Returns the AgentLightningClient instance.

Source code in agentlightning/trainer.py
def client(self) -> AgentLightningClient:
    """Returns the AgentLightningClient instance."""
    if self._client is None:
        raise RuntimeError("AgentLightningClient has not been initialized. Call `init` first.")
    return self._client

kill_orphaned_processes() staticmethod

Kill any orphaned processes that may have been left behind by previous runs. This is useful for cleaning up after crashes or unexpected exits.

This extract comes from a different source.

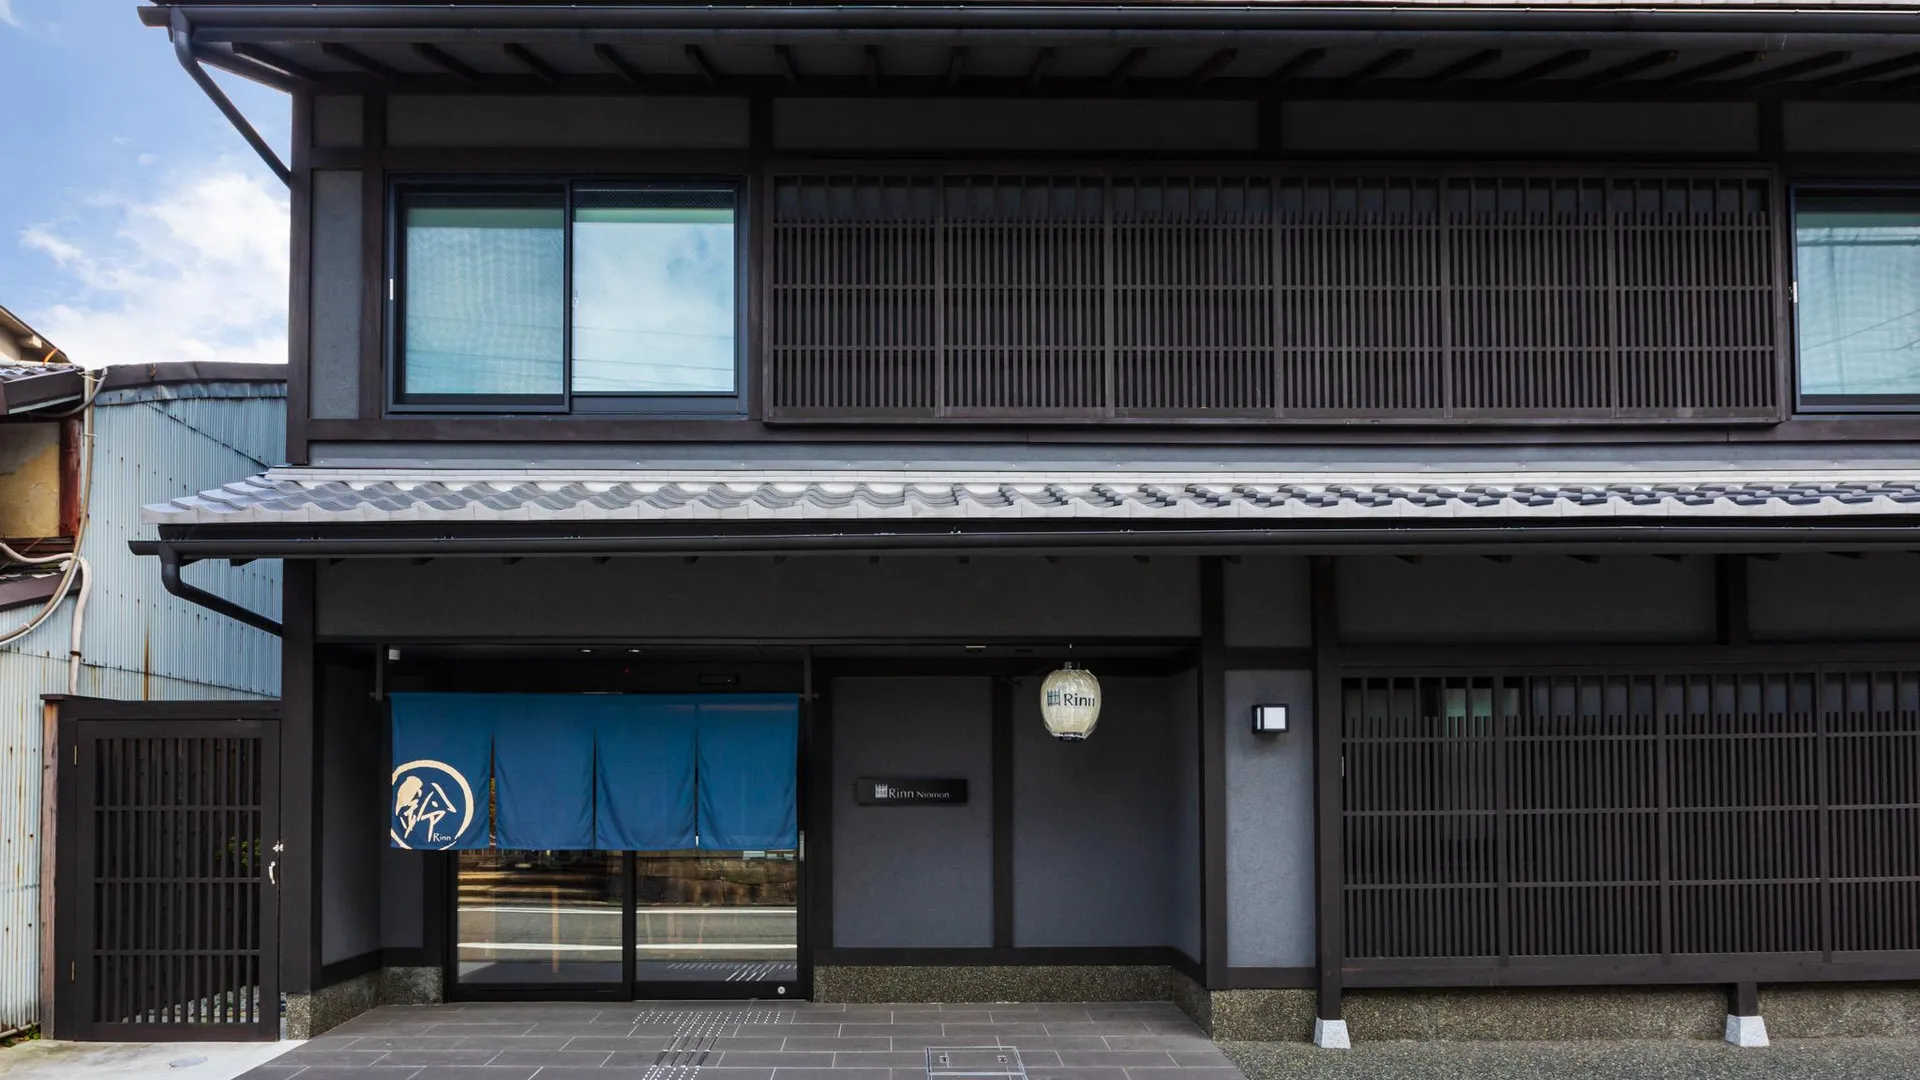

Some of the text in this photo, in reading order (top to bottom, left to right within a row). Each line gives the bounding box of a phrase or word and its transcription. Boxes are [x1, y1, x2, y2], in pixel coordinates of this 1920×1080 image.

[1063, 693, 1095, 707] Rinn
[888, 788, 914, 798] Rinn
[433, 832, 451, 842] Rinn
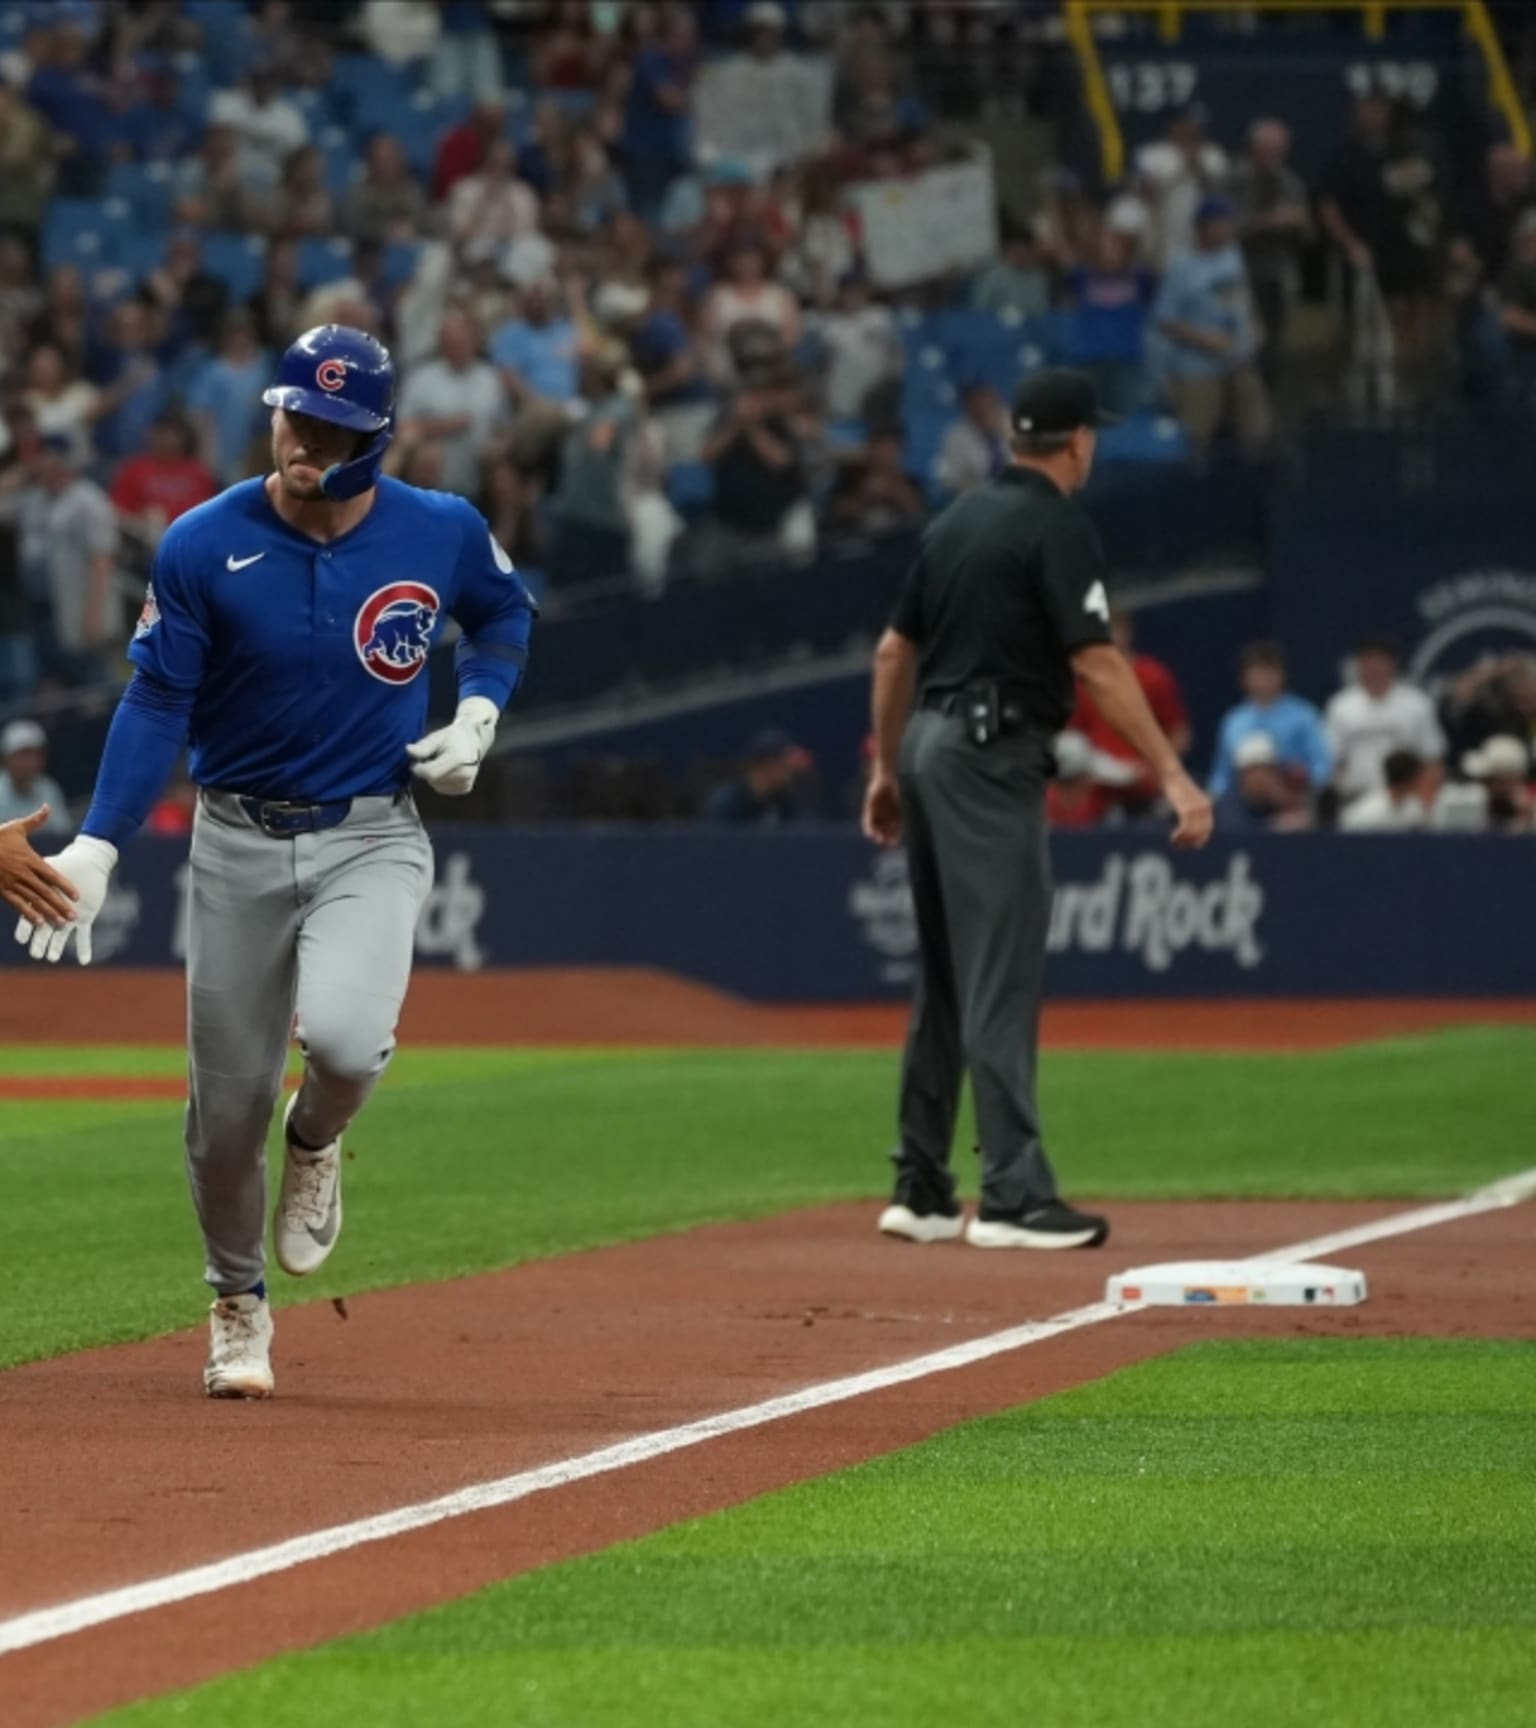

Source code in agentlightning/trainer.py
@staticmethod
def kill_orphaned_processes() -> None:
    """
    Kill any orphaned processes that may have been left behind by previous runs.
    This is useful for cleaning up after crashes or unexpected exits.
    """
    import psutil

    for proc in psutil.process_iter():
        # check whether the process name matches
        if proc.name().startswith("AgentLightning-"):
            proc.kill()

agentlightning.tracer

agentlightning.reward

reward(fn)

A decorator to wrap a function that computes rewards. It will automatically handle the input and output of the function.

Source code in agentlightning/reward.py
def reward(fn: callable) -> callable:
    """
    A decorator to wrap a function that computes rewards.
    It will automatically handle the input and output of the function.
    """

    def wrap_result(result: Optional[float]) -> RewardSpanData:
        """
        Wrap the result of the function in a dict.
        """
        if result is None:
            return {"type": "reward", "value": None}
        if not isinstance(result, (float, int)):
            warnings.warn(f"Reward is ignored because it is not a number: {result}")
            return {"type": "reward", "value": None}
        return {"type": "reward", "value": float(result)}

    # Check if the function is async
    is_async = asyncio.iscoroutinefunction(fn) or inspect.iscoroutinefunction(fn)

    if is_async:

        async def wrapper_async(*args, **kwargs):
            result: Optional[float] = None

            @operation
            async def agentops_reward_operation() -> RewardSpanData:
                # The reward function we are interested in tracing
                # It takes zero inputs and return a formatted dict
                nonlocal result
                result = await fn(*args, **kwargs)
                return wrap_result(result)

            await agentops_reward_operation()
            return result

        return wrapper_async

    else:

        def wrapper(*args, **kwargs):
            result: Optional[float] = None

            @operation
            def agentops_reward_operation() -> RewardSpanData:
                nonlocal result
                result = fn(*args, **kwargs)
                return wrap_result(result)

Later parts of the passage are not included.